GIVEN ENTRIES:
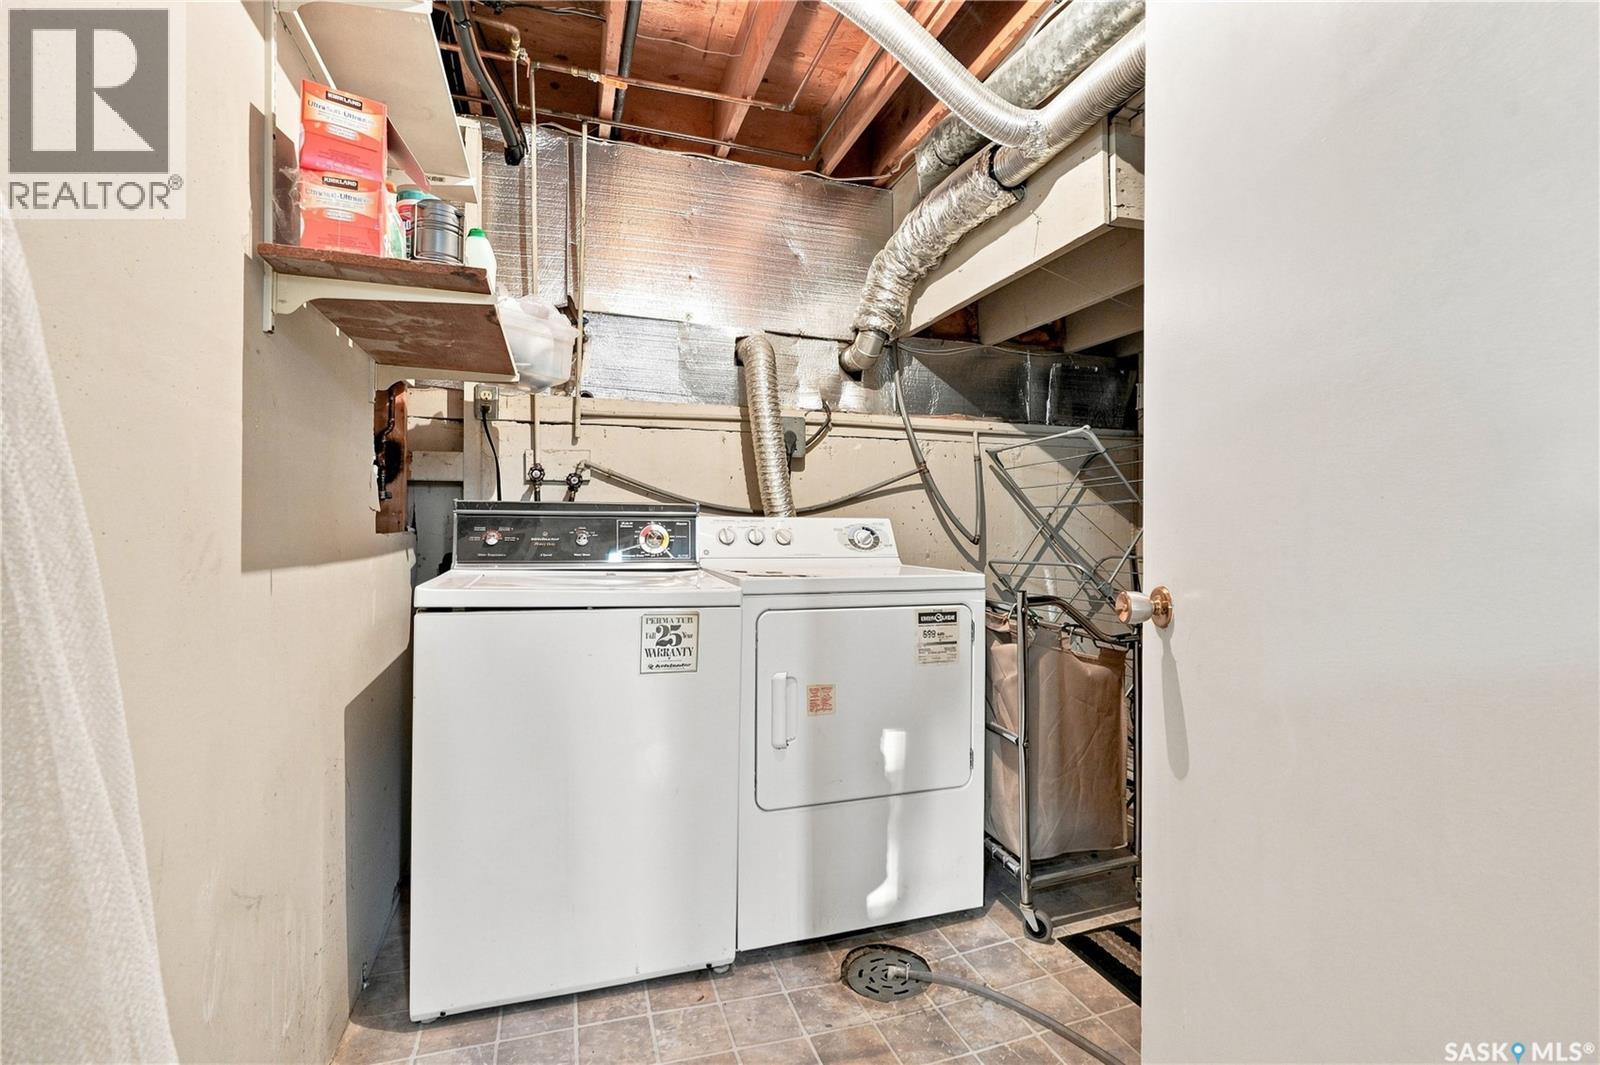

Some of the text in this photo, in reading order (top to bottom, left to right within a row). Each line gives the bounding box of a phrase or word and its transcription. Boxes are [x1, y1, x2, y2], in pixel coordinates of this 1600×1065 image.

[327, 92, 362, 106] KIRKLAND
[323, 176, 357, 188] KIRKLAND
[655, 624, 683, 647] 25
[644, 647, 695, 658] WARRANTY

EXERCISE DESCRIPTION:
Output the data above without changes, apart from leaving out the pictures.

RESPONSE AREA:
Some of the text in this photo, in reading order (top to bottom, left to right within a row). Each line gives the bounding box of a phrase or word and its transcription. Boxes are [x1, y1, x2, y2], in pixel coordinates of this 1600×1065 image.

[327, 92, 362, 106] KIRKLAND
[323, 176, 357, 188] KIRKLAND
[655, 624, 683, 647] 25
[644, 647, 695, 658] WARRANTY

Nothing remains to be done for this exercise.